**AIM OF THE EXERCISE:**
Return the entries verbatim and drop every picture.

[[ EXTRACTED RECORDS, beginning ]]

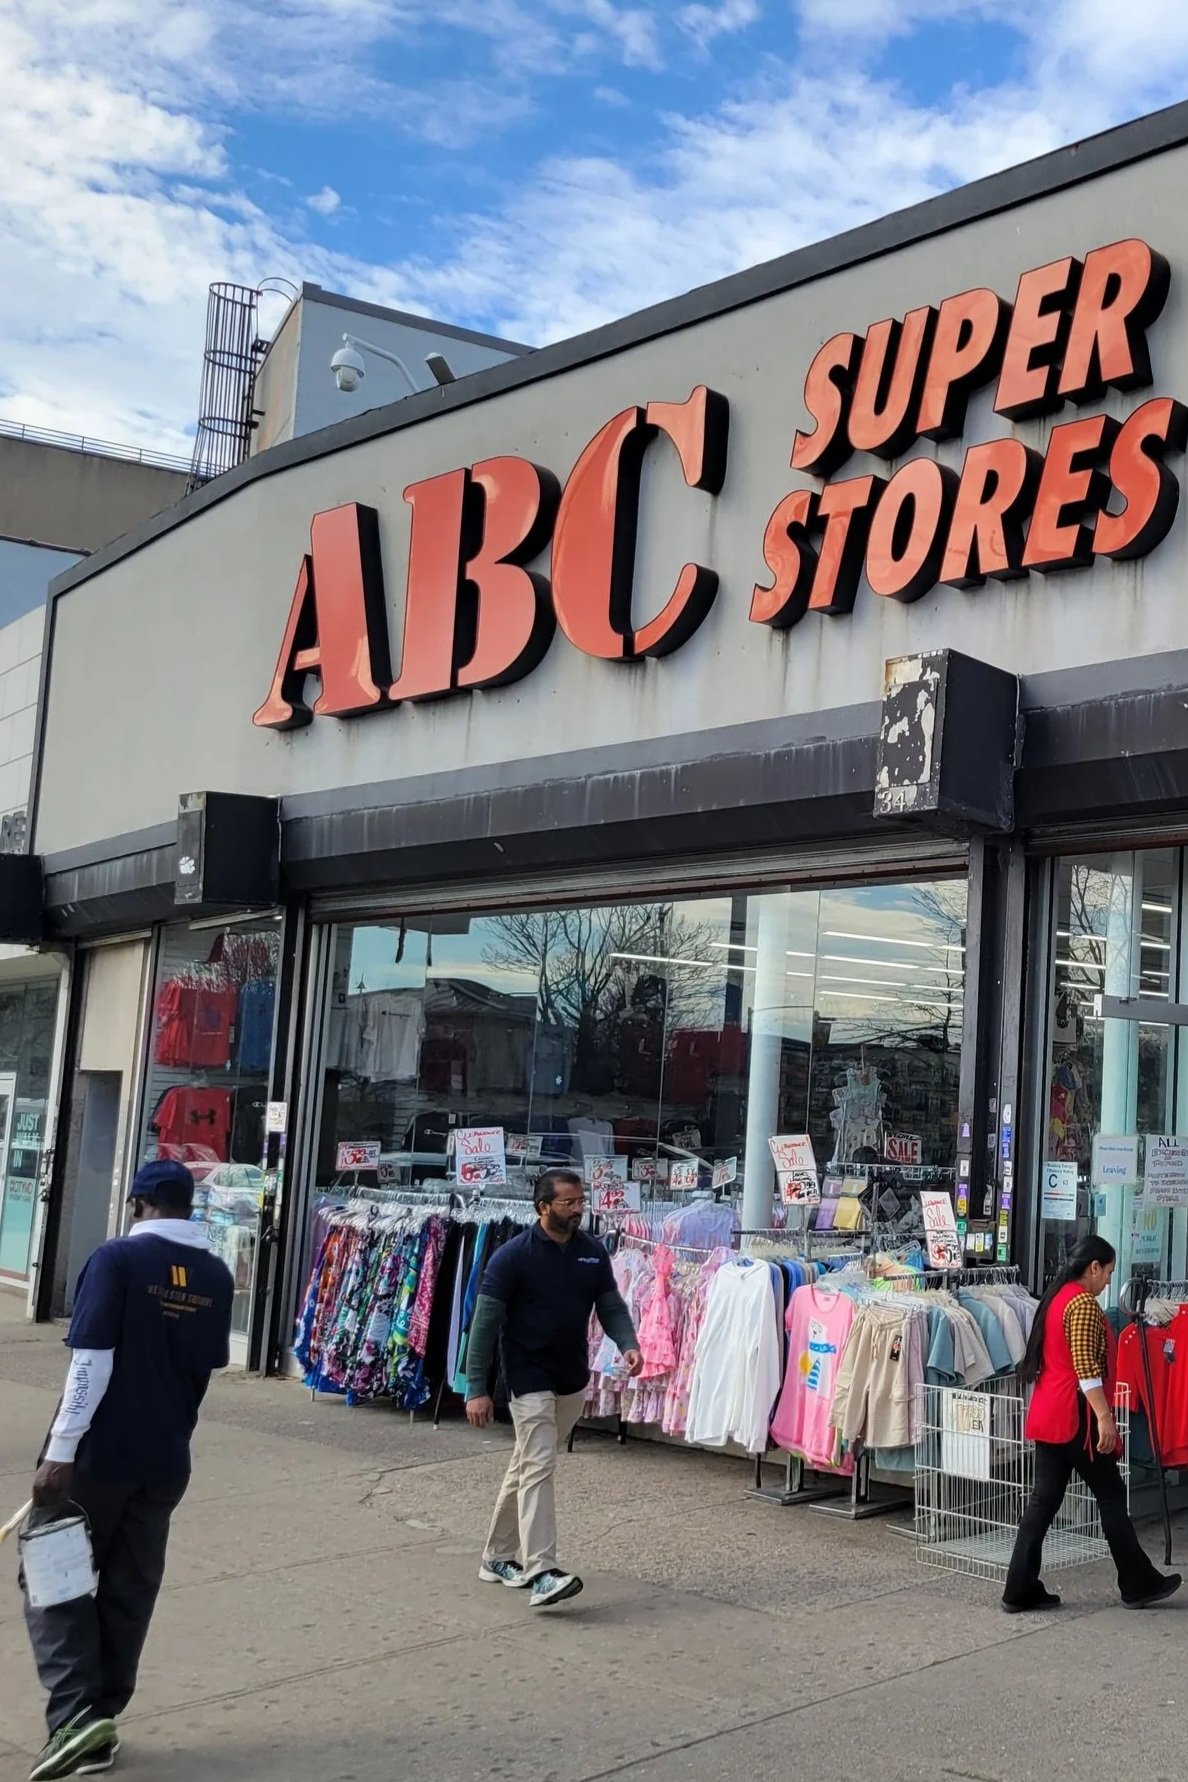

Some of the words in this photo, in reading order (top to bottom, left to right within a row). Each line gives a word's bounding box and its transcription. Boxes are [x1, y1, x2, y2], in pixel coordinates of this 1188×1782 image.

[791, 237, 1171, 477] SUPER
[253, 384, 729, 731] ABC
[17, 1113, 40, 1130] JUST
[461, 1138, 497, 1156] Sale
[1158, 1136, 1180, 1148] ALL
[887, 1138, 919, 1164] SALE
[1102, 1165, 1127, 1174] Leaving
[1048, 1173, 1058, 1188] C

[[ EXTRACTED RECORDS, end ]]

**REPLY:**
Some of the words in this photo, in reading order (top to bottom, left to right within a row). Each line gives a word's bounding box and its transcription. Boxes are [x1, y1, x2, y2], in pixel coordinates of this 1188×1782 image.

[791, 237, 1171, 477] SUPER
[253, 384, 729, 731] ABC
[17, 1113, 40, 1130] JUST
[461, 1138, 497, 1156] Sale
[1158, 1136, 1180, 1148] ALL
[887, 1138, 919, 1164] SALE
[1102, 1165, 1127, 1174] Leaving
[1048, 1173, 1058, 1188] C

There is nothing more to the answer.